Mead, a violinist who lives in Pittsburgh, Pa., and teaches at Carnegie-Mellon University, is making her third trip here for a Port Angeles Symphony event. And when she describes her feelings about playing, she doesn’t hold back.

“It’s a heart-to-heart connection, a direct transmission of emotion,” Mead said. “You can feel when the audience is with you.”

Mead hailed the Port Angeles Symphony and its conductor, Adam Stern, for their way with an audience, saying that Stern always has an intriguing musical combination up his sleeve.

“He knows how to program,” she said, “and how to create an experience for the audience.

“And nobody tells the anecdotes like he does,” added Mead, who has performed with Stern at the Orcas Island Chamber Music Festival.

As he does before each Port Angeles Symphony evening concert, Stern will give a short talk on the concert’s music and composers at 6:40 p.m. Saturday.

And this time, with Ravel’s “Mother Goose Suite” on the itinerary, Stern is likely to mention how that composer stayed in touch with his “inner child” for the entirety of his life.

Ravel “loved the unpretentiousness of children, both as companions and as musicians,” Stern writes in his concert program notes.

“He delighted in collecting children’s playthings and knickknacks; little wind-up toys were a particular passion.”

Also on Saturday’s program are Sir Arthur Sullivan’s overture from “Iolanthe,” which Stern calls a medley of the operetta’s “superb” melodies.
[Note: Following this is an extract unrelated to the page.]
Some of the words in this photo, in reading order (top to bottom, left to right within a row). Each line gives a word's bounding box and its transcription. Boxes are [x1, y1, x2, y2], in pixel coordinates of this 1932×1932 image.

Liadov’s “Kikimora” symphonic poem and Sibelius’ “The Bard,” a tone poem in which the harp is the most important instrument, are here too.

Mead, for her part, has been busy preparing the Saint-Saens concerto. In addition to her performing schedule, she is director of music entrepreneurship studies at Carnegie-Mellon, which means she teaches student musicians about marketing, stagecraft, public speaking and the business of music.
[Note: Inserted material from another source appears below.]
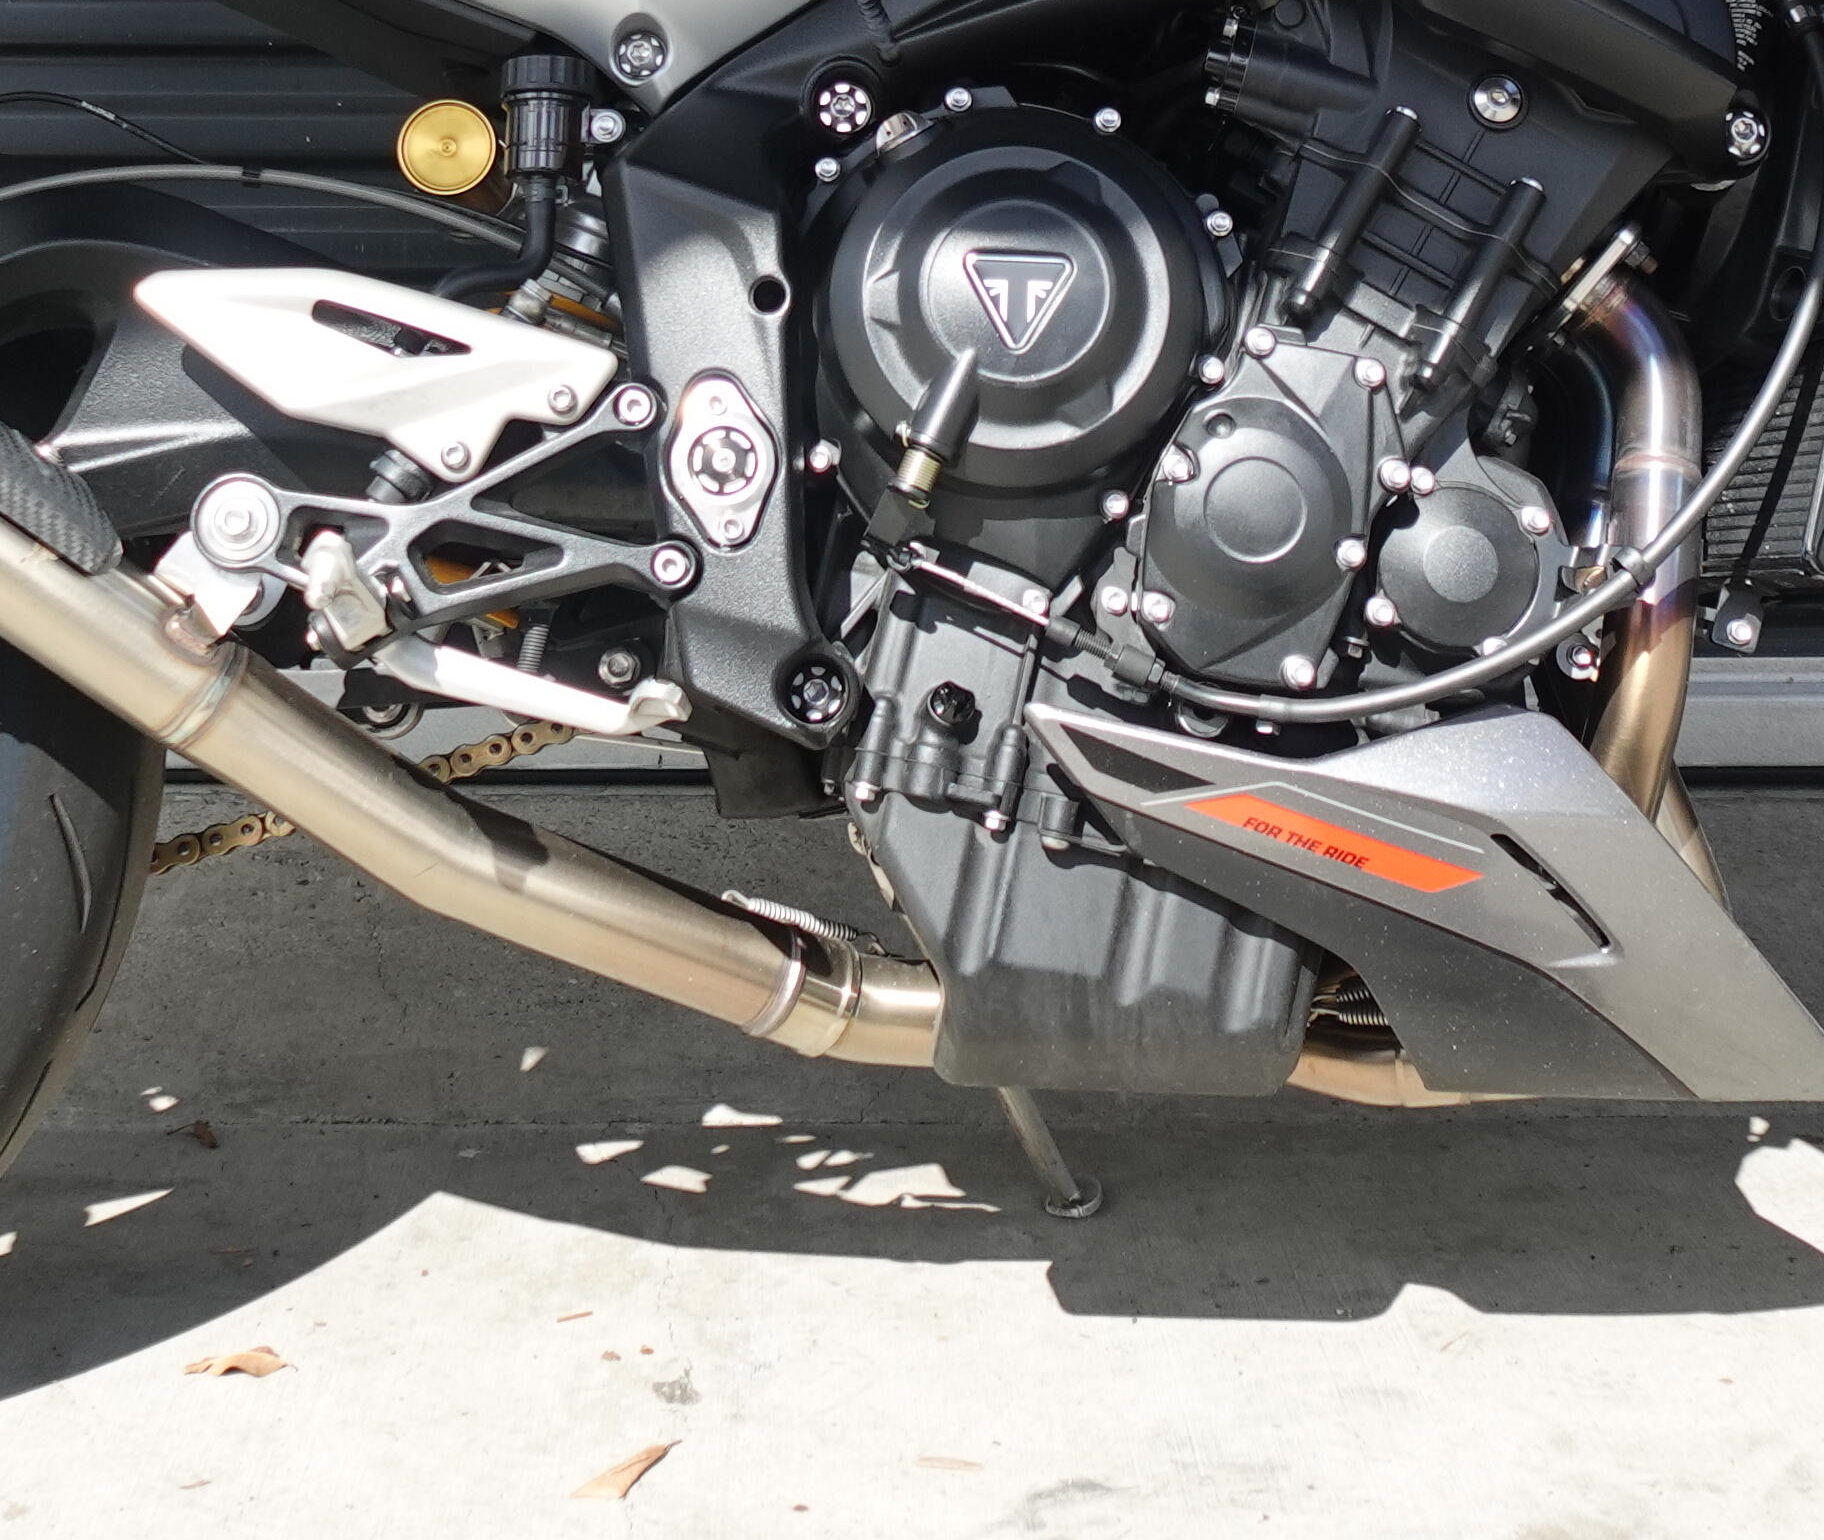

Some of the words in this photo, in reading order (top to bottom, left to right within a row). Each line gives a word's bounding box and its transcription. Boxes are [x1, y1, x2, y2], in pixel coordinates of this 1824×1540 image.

[1242, 816, 1283, 839] FOR
[1286, 830, 1323, 853] THE
[1322, 845, 1372, 869] RIDE
Born in Indiana but raised in Germany, Mead is an internationally known performer and teacher.

She traveled across Europe with conductor Leonard Bernstein on his final tour of the continent; he was 89 and she 20.

The late Maestro Bernstein “was the one who truly inspired me,” Mead said, “to take my career in the direction of building new audiences.”

Mead still goes to Germany six times a year to teach, perform and speak on classical music. She has made her primary home in the States for 10 years now, having come to Pittsburgh with her husband Andrés Cárdenes, concertmaster of the Pittsburgh Symphony.

“I moved here for love,” she said.

Mead continues to travel for love of her music: She came to Port Angeles to perform with the symphony in April 2011 and to do a symphony benefit at Peninsula College in March 2012.

“The audiences there are incredibly friendly and warm,” she said. “That rapport is the most rewarding thing about performing.”

Tickets to Saturday’s 10 a.m. Port Angeles Symphony dress rehearsal concert are $5 per person or $10 per family.

Then, for the 7:30 p.m. concert, reserved seats are $20 to $30 while general admission is $15 for adults and $12 for seniors and students.

Tickets will be available at the door of the Port Angeles High School Performing Arts Center, 304 E. Park Ave.

For those who want to buy in advance, outlets for general seating tickets include Port Book and News, 104 E. First St., Port Angeles; Sequim Village Glass, 761 Carlsborg Road; and The Good Book/Joyful Noise Music Center, 108 W. Washington St., Sequim.